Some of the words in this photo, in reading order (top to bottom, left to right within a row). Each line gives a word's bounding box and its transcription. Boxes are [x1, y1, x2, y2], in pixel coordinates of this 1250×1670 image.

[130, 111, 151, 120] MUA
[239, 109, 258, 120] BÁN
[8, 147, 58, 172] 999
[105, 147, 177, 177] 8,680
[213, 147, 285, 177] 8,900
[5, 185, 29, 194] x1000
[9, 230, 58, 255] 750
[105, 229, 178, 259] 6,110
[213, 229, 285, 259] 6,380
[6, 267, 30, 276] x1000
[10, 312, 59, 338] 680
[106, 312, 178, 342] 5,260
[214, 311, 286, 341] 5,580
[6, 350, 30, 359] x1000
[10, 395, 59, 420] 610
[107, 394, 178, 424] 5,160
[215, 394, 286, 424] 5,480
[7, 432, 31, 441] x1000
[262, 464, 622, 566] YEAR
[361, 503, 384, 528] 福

▶ EXERCISE REQUIREMENTS: The complete material above is to be retyped word for word.

▶ ANSWER SECTION:
Some of the words in this photo, in reading order (top to bottom, left to right within a row). Each line gives a word's bounding box and its transcription. Boxes are [x1, y1, x2, y2], in pixel coordinates of this 1250×1670 image.

[130, 111, 151, 120] MUA
[239, 109, 258, 120] BÁN
[8, 147, 58, 172] 999
[105, 147, 177, 177] 8,680
[213, 147, 285, 177] 8,900
[5, 185, 29, 194] x1000
[9, 230, 58, 255] 750
[105, 229, 178, 259] 6,110
[213, 229, 285, 259] 6,380
[6, 267, 30, 276] x1000
[10, 312, 59, 338] 680
[106, 312, 178, 342] 5,260
[214, 311, 286, 341] 5,580
[6, 350, 30, 359] x1000
[10, 395, 59, 420] 610
[107, 394, 178, 424] 5,160
[215, 394, 286, 424] 5,480
[7, 432, 31, 441] x1000
[262, 464, 622, 566] YEAR
[361, 503, 384, 528] 福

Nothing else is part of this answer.